Task requirements:
Except for the pictures, write out all the records that follow exactly.

Free-text object descriptions:
**********
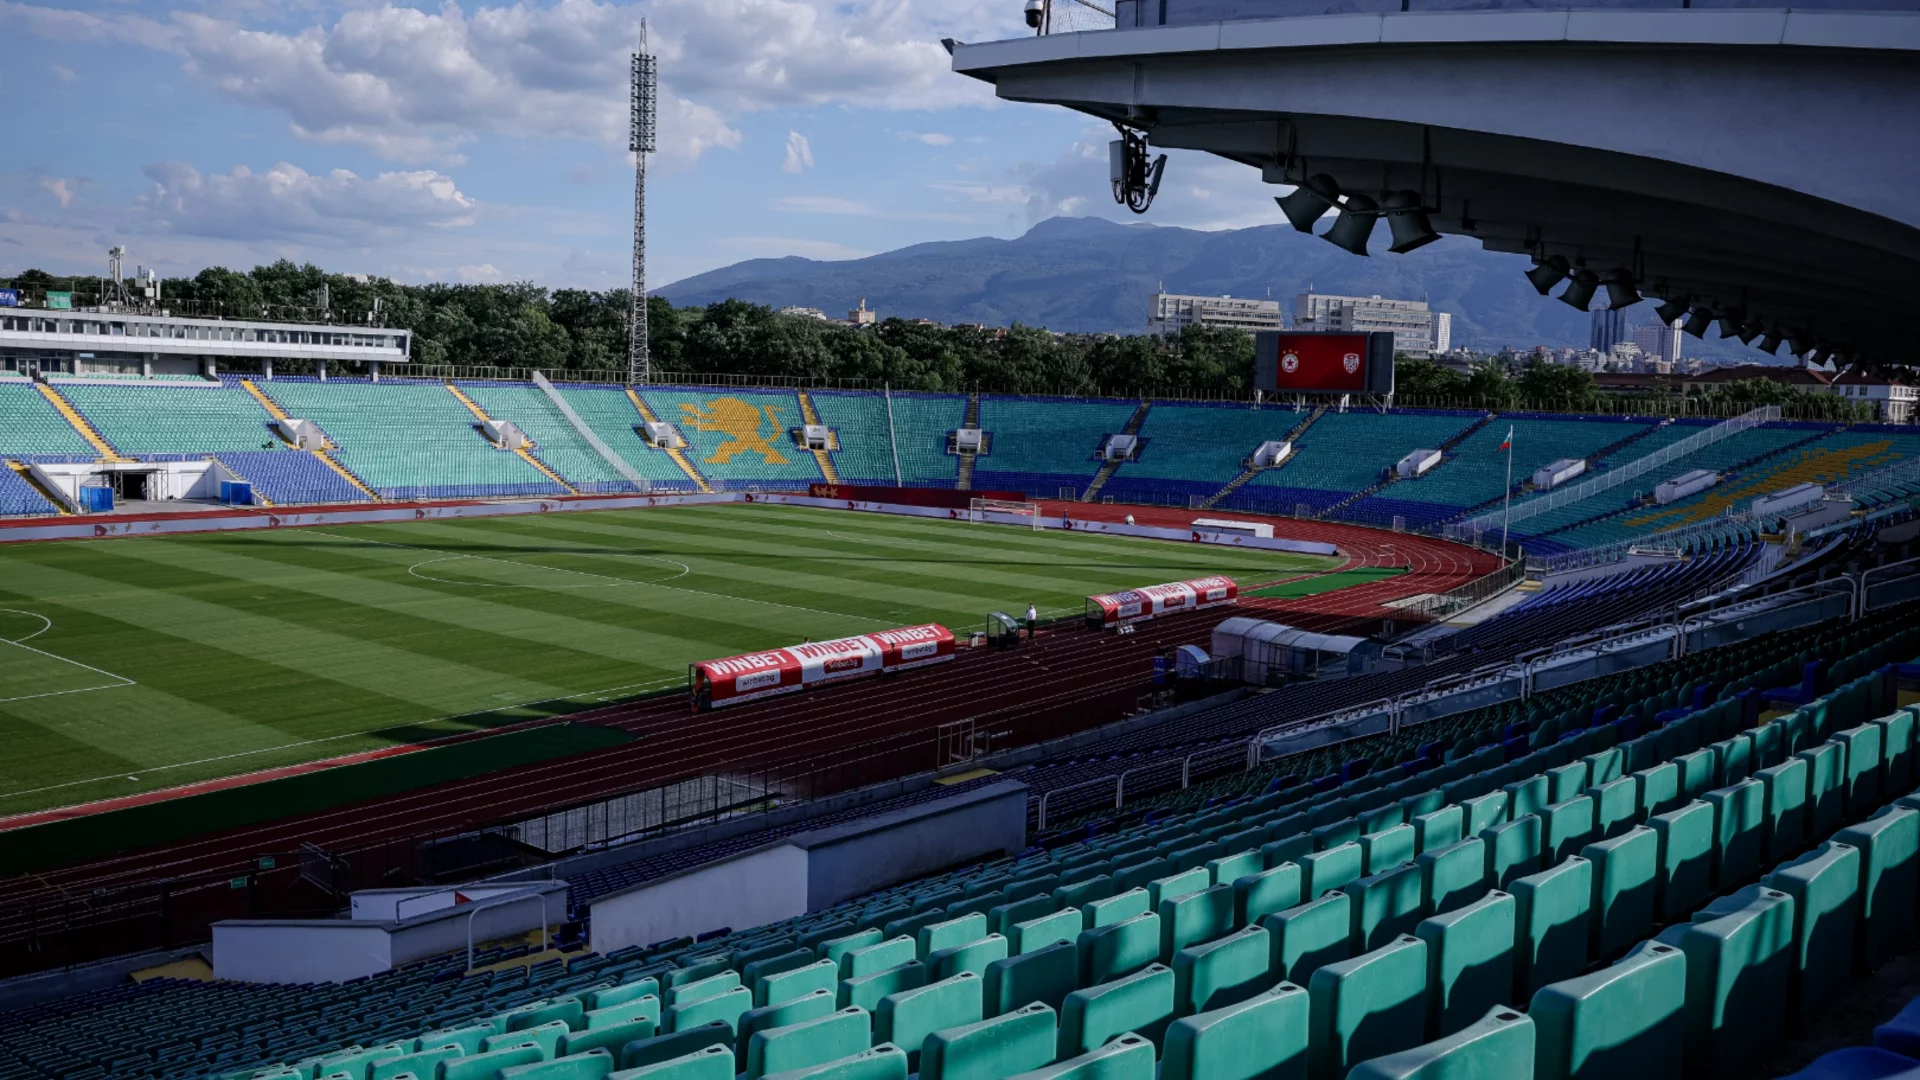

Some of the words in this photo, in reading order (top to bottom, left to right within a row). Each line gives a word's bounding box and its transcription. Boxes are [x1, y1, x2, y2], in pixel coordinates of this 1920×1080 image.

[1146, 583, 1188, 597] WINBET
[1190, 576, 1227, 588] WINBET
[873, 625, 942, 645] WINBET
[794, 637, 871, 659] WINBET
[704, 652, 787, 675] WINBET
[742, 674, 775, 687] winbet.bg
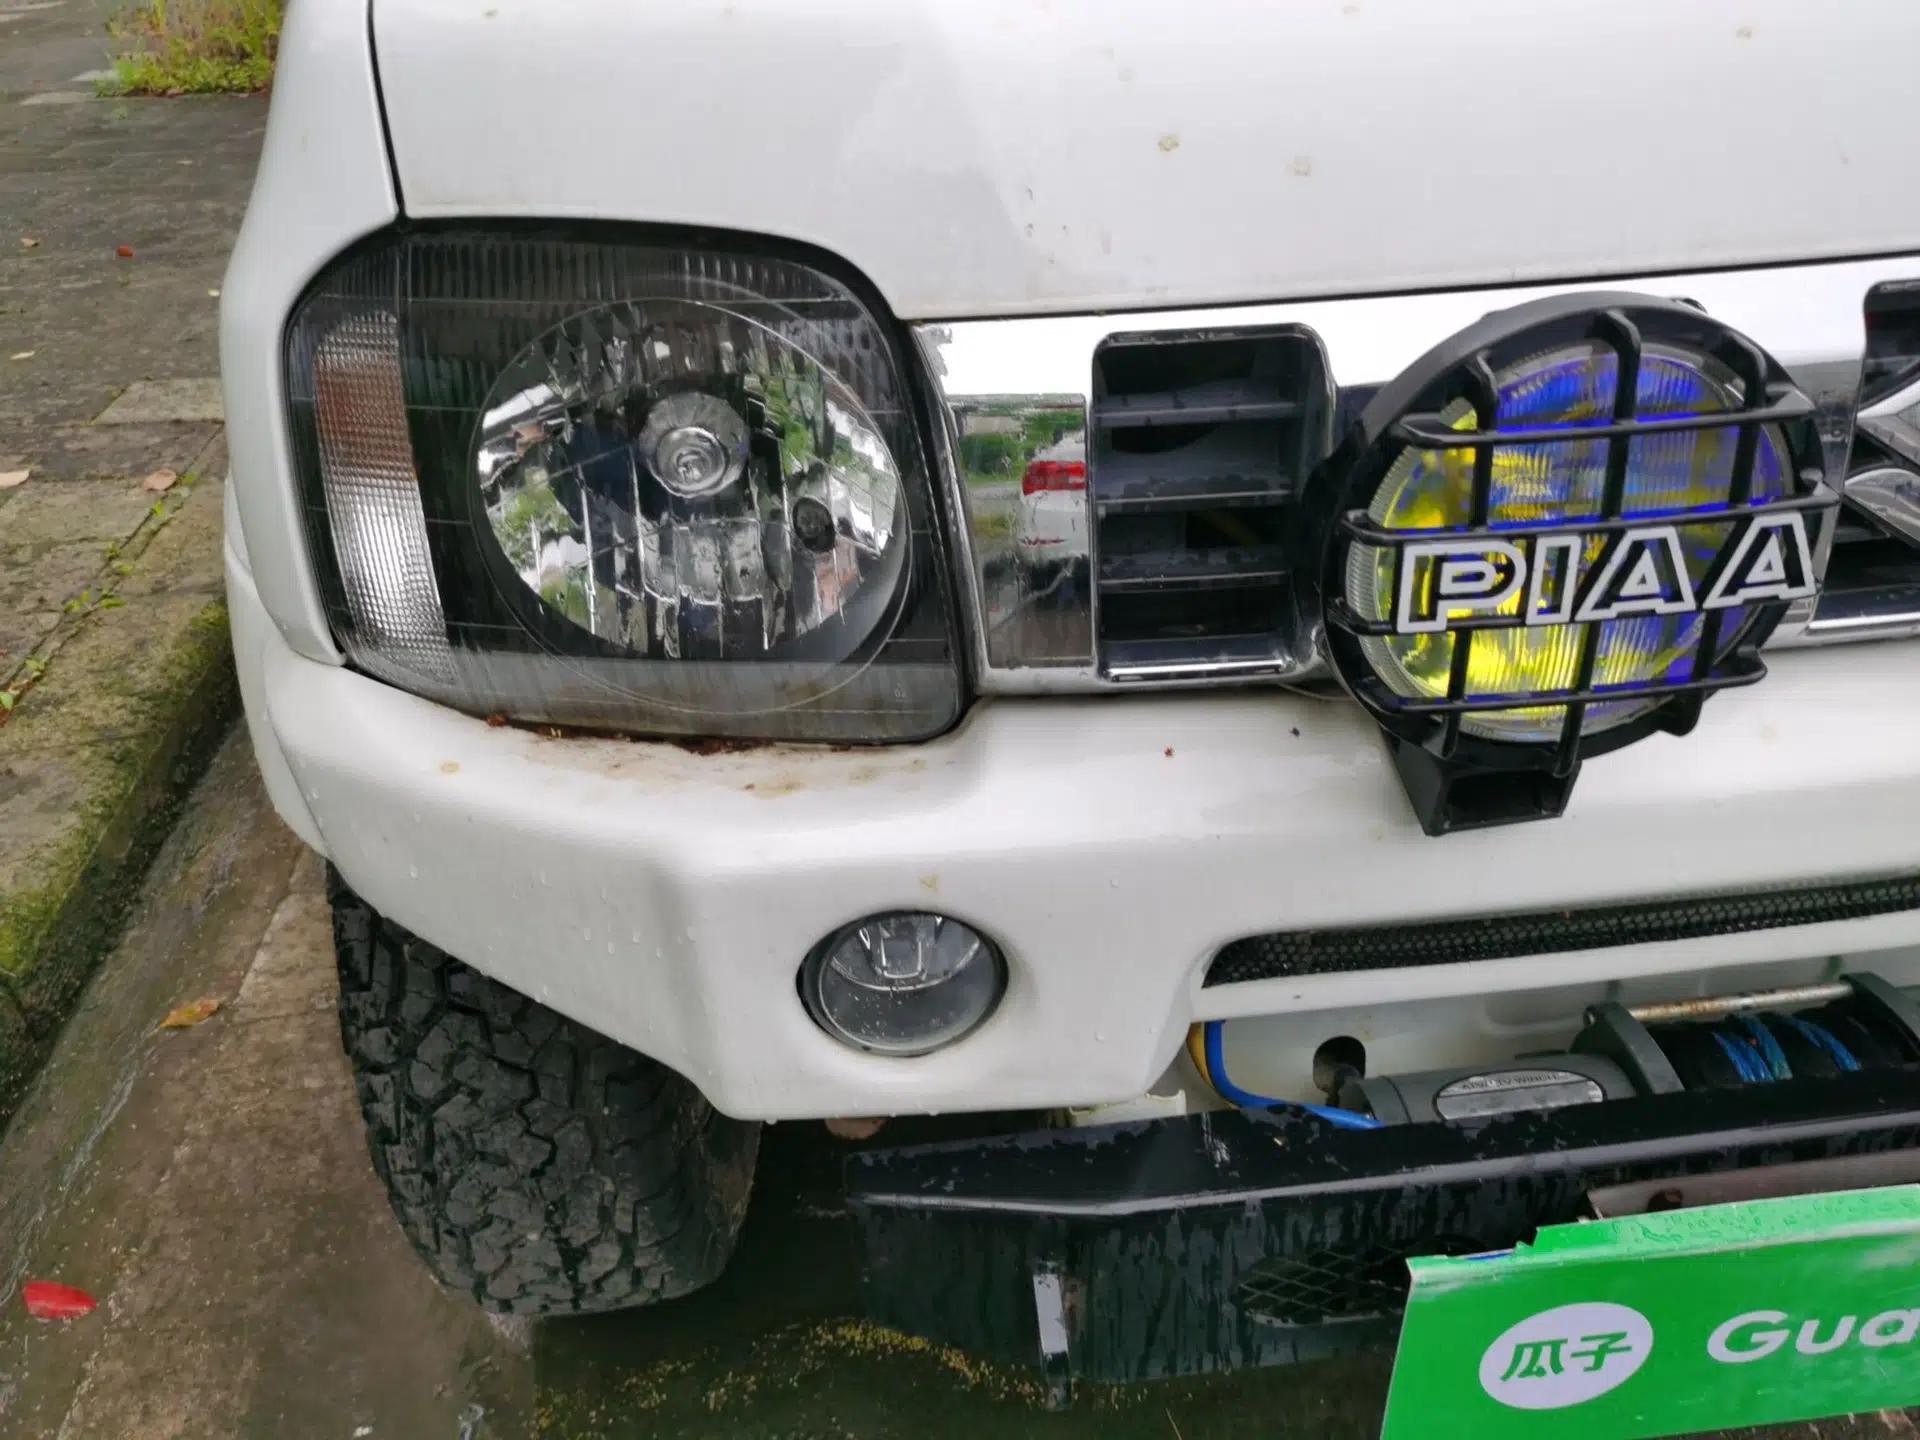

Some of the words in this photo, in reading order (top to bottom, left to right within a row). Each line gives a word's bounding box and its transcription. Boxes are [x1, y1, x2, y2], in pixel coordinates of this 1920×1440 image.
**********
Answer section:
Some of the words in this photo, in reading order (top to bottom, left to right within a row). Each line gives a word's bounding box and its transcription. Boxes are [x1, y1, x2, y2], in pixel coordinates of this 1920×1080 image.

[1146, 583, 1188, 597] WINBET
[1190, 576, 1227, 588] WINBET
[873, 625, 942, 645] WINBET
[794, 637, 871, 659] WINBET
[704, 652, 787, 675] WINBET
[742, 674, 775, 687] winbet.bg

Some of the words in this photo, in reading order (top to bottom, left to right within a row). Each line gives a word's bounding box and its transcription. Boxes are [x1, y1, x2, y2], in pixel coordinates of this 1920×1440 image.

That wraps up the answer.